Para Eliane Rosandiski, a vulnerabilidade social de Campinas piorou após a covid-19. Ela explicou que 40% a 50% das famílias inseridas no CadÚnico tinham como principal fonte de renda a aposentadoria, mas muito idosos morreram durante a pandemia, o prejudicou o quadro socioeconômico do núcleo familiar. De acordo com a líder comunitária do Jardim Rosália 4, Ana Paula Santana Fernandes, das 1.482 famílias que residem na comunidade, surgida de uma ocupação há 27 anos, 112 vivem em estado de extrema pobreza e dependem dos programas sociais federais, estaduais ou municipais.

Ela avaliou que o número de beneficiários tem crescido também porque as pessoas aprenderam a buscar seus direitos. Ana Paula promove palestras em parceria com a Prefeitura, Organizações Não Governamentais (ONGs) e advogados para explicar como os moradores podem obter os benefícios sociais, além de buscar doações de alimentos e roupas para os moradores.

“Muitos ainda não sabem os seus direitos, e a situação de vulnerabilidade agravou após a pandemia de covid”, disse a líder comunitária.

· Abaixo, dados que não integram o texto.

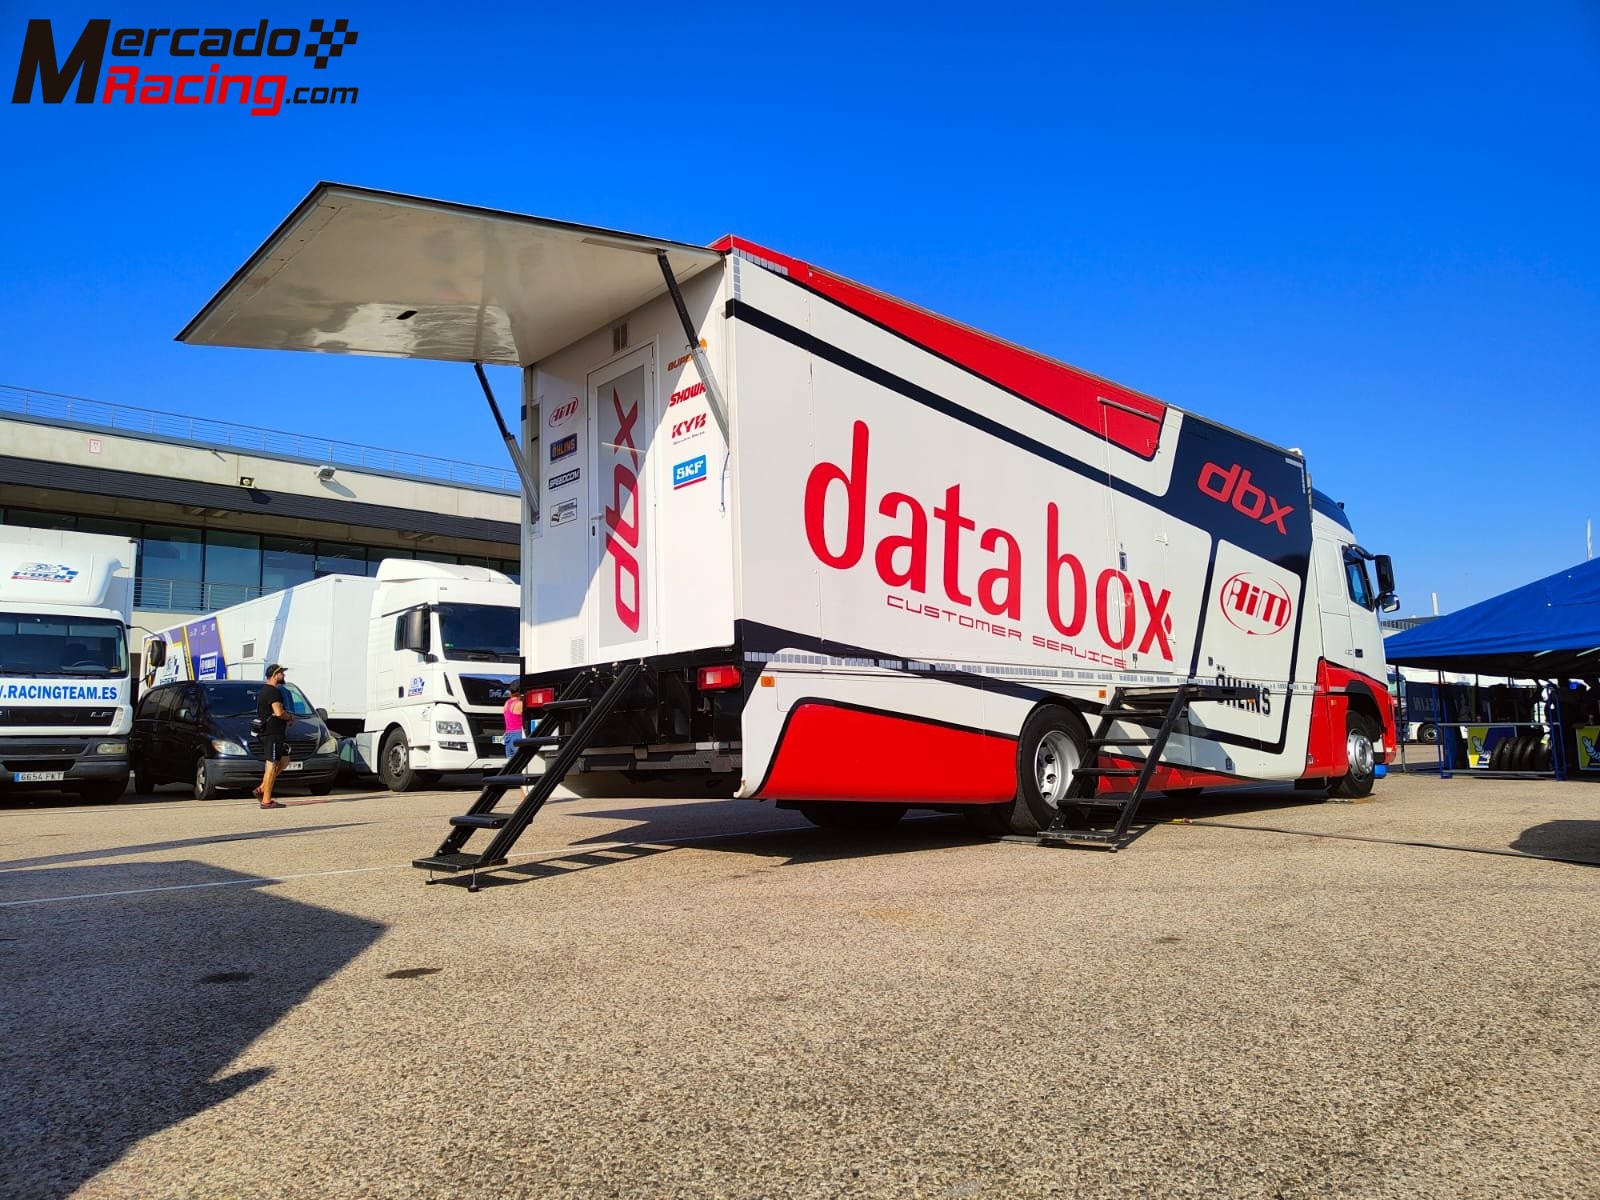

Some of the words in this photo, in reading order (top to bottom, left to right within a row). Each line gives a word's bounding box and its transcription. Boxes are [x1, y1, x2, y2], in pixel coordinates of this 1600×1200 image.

[672, 413, 707, 438] KYB
[676, 460, 704, 480] SKF
[1197, 462, 1295, 535] dbx
[606, 386, 640, 634] dbx
[804, 420, 1022, 621] data
[1047, 502, 1174, 662] box
[887, 594, 1022, 642] CUSTOMER

Em Campinas, o Bolsa Família atendeu cerca de 61 mil pessoas no mês passado. No entanto, além dos programas federais, o CadÚnico na cidade, que é gerenciado pela Secretaria Municipal de Assistência Social, Pessoa com Deficiência e Direitos Humanos, garante acesso a outros três benefícios mantidos pela prefeitura: Renda, Nutrir e Viva-Leite, este último mantido em convênio com o governo do Estado. Eles garantem desde a entrega diária de um litro de leite até o valor mensal de R$ 201,61.

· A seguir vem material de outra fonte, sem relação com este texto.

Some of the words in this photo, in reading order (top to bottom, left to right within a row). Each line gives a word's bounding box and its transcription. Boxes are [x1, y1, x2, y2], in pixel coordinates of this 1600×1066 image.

Essas ações são desenvolvidas em conjunto com outras voltadas a garantir fonte de renda para as pessoas atendidas, como a Feira da Mulher Empreendedora, que atende cerca de 2 mil participantes. Quando ela foi iniciada, em março de 2022, eram 80 mulheres.

“A importância não é só de geração de renda, mas também a superação social”, afirmou a secretária municipal de Assistência Social, Vandecleya Moro. Devido ao resultado, o programa foi transformado em uma política pública da administração por meio de lei sancionada há pouco mais de um mês.

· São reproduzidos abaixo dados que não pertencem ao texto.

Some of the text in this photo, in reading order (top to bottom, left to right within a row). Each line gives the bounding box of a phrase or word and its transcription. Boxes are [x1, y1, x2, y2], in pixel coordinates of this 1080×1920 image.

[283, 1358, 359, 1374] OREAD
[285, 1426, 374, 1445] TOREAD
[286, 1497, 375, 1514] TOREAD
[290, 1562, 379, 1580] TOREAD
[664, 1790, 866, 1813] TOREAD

Para a economista Eliane Rosandiski, é importante o CadÚnico estar sob controle municipal, pois pode ser usado como um instrumento para mapear as necessidades de cada região de Campinas em investimentos de infraestrutura e desenvolvimento de ações para melhorar a qualidade de vida dos moradores.

O “Mapeamento da Vulnerabilidade” identificou que as regiões Sul e Sudeste de Campinas concentravam 52% famílias inscritas no CadÚnico, enquanto a Leste tinha a menor proporção, 11%.

Além disso, 30% dos participantes da zona Sul moravam em casa de alvenaria, mas sem revestimento nas paredes, e 76% tinham rede coletora de esgoto ou pluvial. Na opinião da pesquisadora do Observatório PUC-Campinas, os dados podem ajudar a envolver a capilaridade de órgãos que desenvolvem ações sociais na busca de soluções para a população, como entes públicos, entidades sociais e ONGs.

O diagnóstico mostrou 67.182 famílias inscritas no CadÚnico em situação de pobre e extrema pobreza, incluindo muitas crianças, adolescentes e jovens. “Se não forem desenvolvidas políticas compensatórias e de estímulo de volta à escola, perderemos uma camada muito grande da população”, explicou Eliane Rosandiski. Para ela, a falta de intervenções imediatadas comprometerá o futuro de uma parcela da população produtiva, perpetuando o ciclo da pobreza.